Outra fonte ouvida pelo Diário do Nordeste, que não quis se identificar, ressalta que a proposta de devolver ao Governo a gestão desmontaria um dos pilares dos consórcios propostos pelo SUS: a regionalização.

"O consórcio tem um estatuto, tem todo um regimento que estabelece o funcionamento, as nomeações (em cargos comissionados) não são aleatórias, a pessoa tem que ter um perfil técnico", pontua o prefeito de Pindoretama. Em abril, o Ministério Público do Estado do Ceará (MPCE), por meio da Procuradoria dos Crimes contra a Administração Pública (Procap), instaurou apuração de eventuais irregularidades nos consórcios, inclusive o de Cascavel.

A Secretaria da Saúde (Sesa) afirma que todo o processo de mudanças tem sido feito em diálogo com os prefeitos. O edital de seleção dos consórcios públicos será lançado ainda neste mês, segundo a Pasta. "A Sesa ratifica que todo o processo de seleção de consórcios será realizado com total transparência", ressalta.

Até agora, conforme a Sesa, com base no decreto, foram realizadas ações como aproximação da Pasta com os consórcios; eleição com base em critérios técnicos; reformulação do sistema oficial para monitoramento das informações dos consórcios; e novo modelo de contratualização das unidades no ano que vem, a partir de metas e indicadores.

Camocim

As reclamações nos municípios, porém, não são generalizadas.

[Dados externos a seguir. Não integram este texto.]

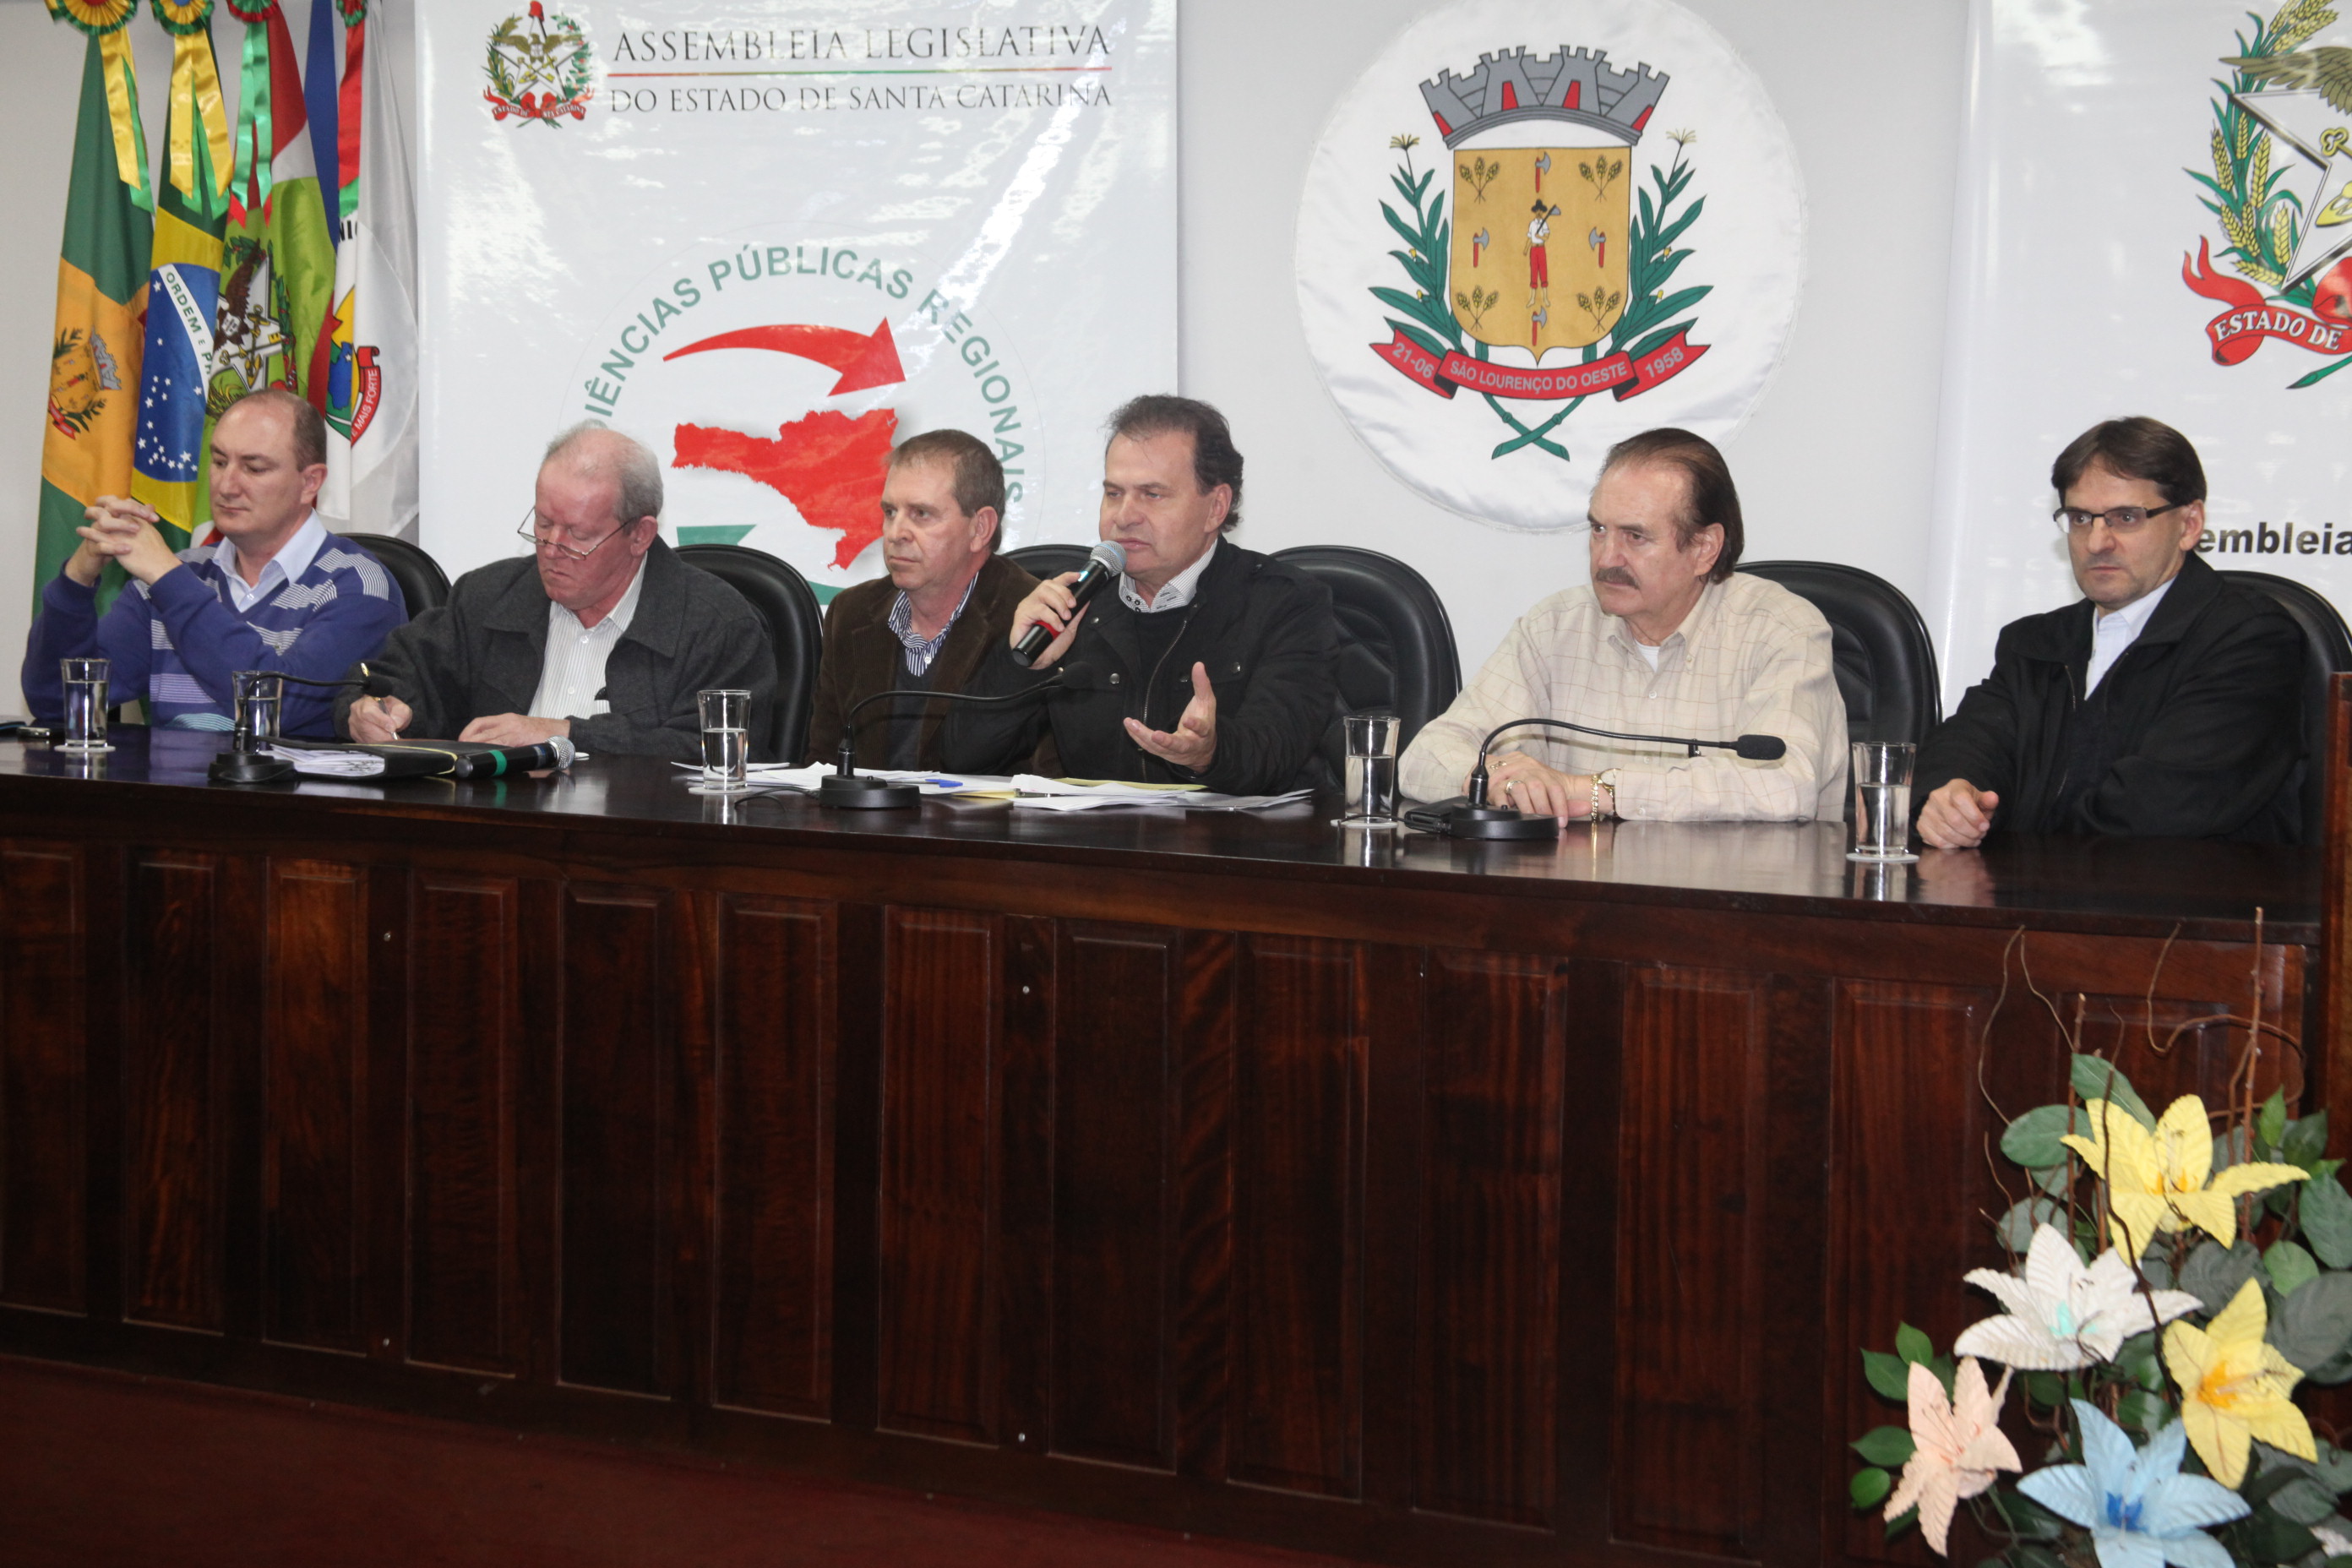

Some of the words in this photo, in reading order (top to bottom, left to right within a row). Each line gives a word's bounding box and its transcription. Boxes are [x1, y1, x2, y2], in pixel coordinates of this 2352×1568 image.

[612, 30, 848, 62] ASSEMBLEIA
[866, 24, 1110, 58] LEGISLATIVA
[610, 88, 656, 112] DO
[670, 87, 787, 112] ESTADO
[799, 86, 838, 111] DE
[849, 85, 946, 110] SANTA
[956, 83, 1113, 108] CATARINA
[166, 271, 203, 334] ORDEM
[2213, 310, 2306, 342] ESTADO
[2307, 324, 2343, 351] DE
[584, 277, 702, 427] IÊNCIAS
[707, 243, 913, 300] PÚBLICAS
[917, 288, 1025, 504] REGIONAIS
[1391, 342, 1435, 379] 21-06
[1450, 360, 1477, 381] SÃO
[1478, 373, 1552, 395] LOURENÇO
[1555, 373, 1578, 391] DO
[1581, 361, 1628, 386] OESTE
[1644, 346, 1685, 378] 1958
[354, 405, 373, 431] MAIS
[365, 369, 378, 405] FORTE
[2197, 521, 2352, 556] embleia
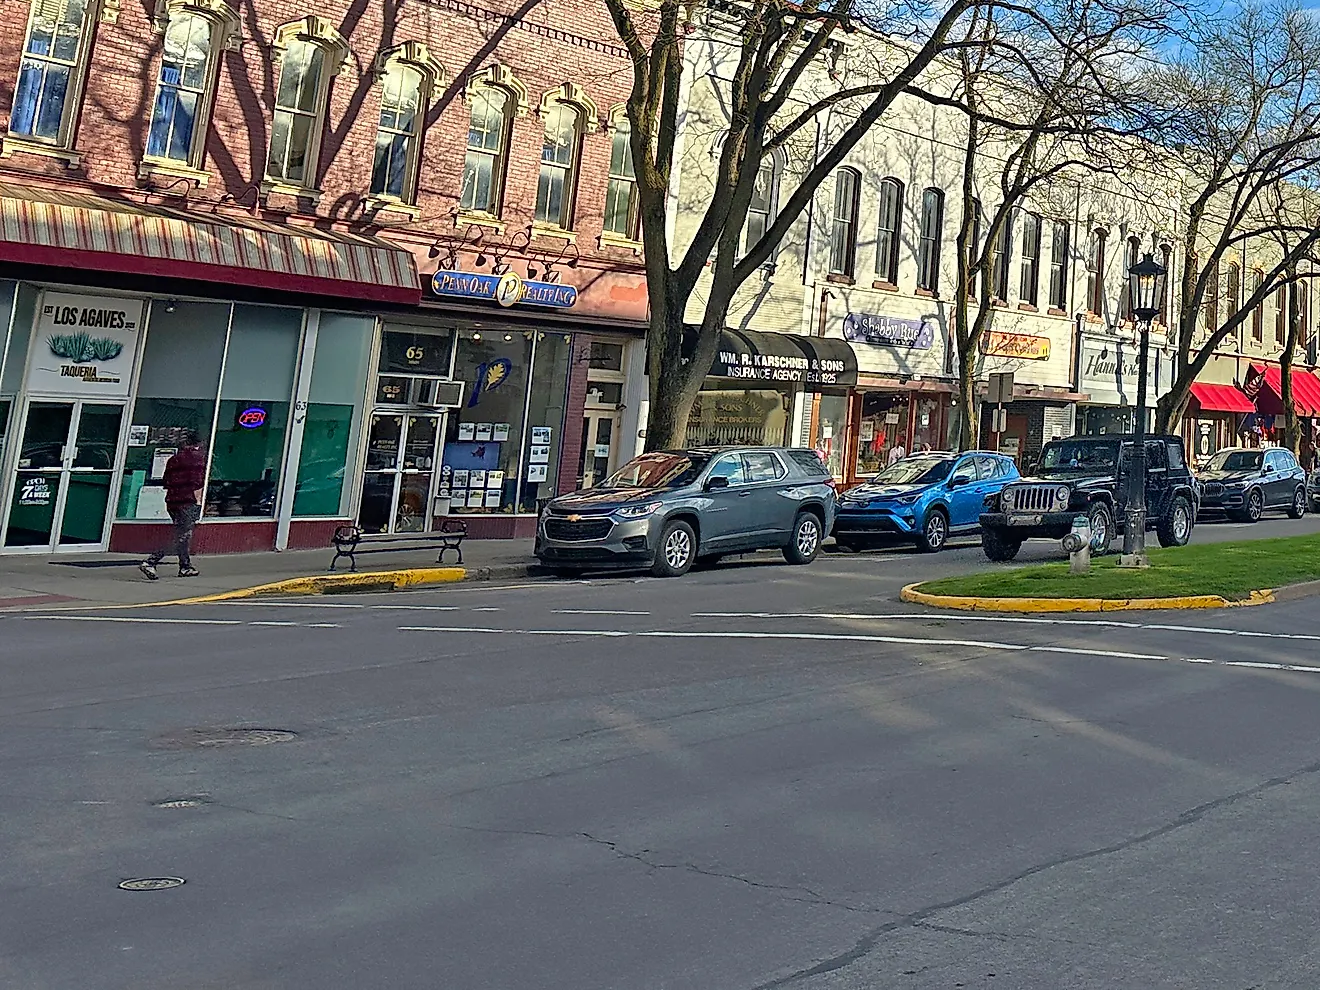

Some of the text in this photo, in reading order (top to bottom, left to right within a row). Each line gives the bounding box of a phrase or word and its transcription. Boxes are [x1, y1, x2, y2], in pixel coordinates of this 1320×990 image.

[441, 275, 492, 295] PENN OAK
[54, 307, 78, 326] LOS
[79, 309, 126, 329] AGAVES
[861, 318, 898, 336] Shabby
[405, 346, 424, 360] 65
[720, 351, 844, 372] WM. R. KARSCHNER & SONS
[61, 366, 97, 378] TAQUERIA
[728, 366, 771, 380] INSURANCE
[772, 370, 802, 382] AGENCY
[821, 373, 836, 384] 1925
[295, 401, 307, 411] 63
[21, 485, 34, 499] 7

O deputado estadual Romeu Aldigueri (PDT), ex-prefeito de Granja e padrinho político da atual prefeita e gestora do Consórcio de Camocim, Amanda do Romeu (PDT), afirma que não há conflitos entre os prefeitos que integram o consórcio da região. No caso de Camocim, segundo ele, já foram feitas mudanças para adequação às determinações do decreto, como redução do número de cargos comissionados.

Neste ano, deputados governistas travaram uma batalha de requerimentos na Assembleia Legislativa, pedindo auditorias nos consórcios durante gestões ligadas a adversários políticos. O de Camocim tornou-se o primeiro alvo.

Os 21 consórcios receberam altas quantias em verbas públicas, mas nenhum deles prestou contas de maneira adequada às exigências do Tribunal de Contas. Só em 2018, o Estado repassou às gestões um total de R$ 105 milhões. No entanto, a lupa que o TCE se comprometeu a passar nas contas segue sem informações públicas sobre a gestão dos consórcios.

De acordo com a Secretaria de Controle Externo do TCE, o primeiro relatório, de auditoria feita em junho no primeiro consórcio selecionado, deverá ser finalizado até o início de dezembro. "Os principais achados de auditoria foram encaminhados aos gestores responsáveis, para as devidas manifestações, que já começaram a chegar ao TCE. Passada essa fase, os auditores dos dois órgãos vão compilar os dados e concluir o primeiro relatório, para passarem a auditar o segundo Consórcio", diz o Tribunal em nota.

Ações efetivadas

Segundo a Sesa, também já estão em prática ações como acompanhamento das Assembleias Consorciais; proposta de redefinição do perfil assistencial das policlínicas regionais, a partir do Planejamento Regional; proposta de nova carteira de serviços das unidades consorciadas e oferta dos especialistas considerando as linhas de cuidado prioritárias do Estado: Materno Infantil, Hipertensão, Diabetes, Obesidade e Oncologia; e sugestão de adequação do Estatuto e Regimento Interno.

Conflitos na base

Os recursos de gestão dos consórcios são rateados entre as prefeituras e o Estado. A cada dois anos, há uma sucessão no comando dos consórcios, e a escolha é feita em acordo entre Estado e municípios. Após despertarem para o potencial político das unidades, lideranças começaram a disputar o comando entre si. Em alguns casos, os comandos dos consórcios acabaram fazendo parte de negociações políticas na base aliada do governador Camilo Santana (PT).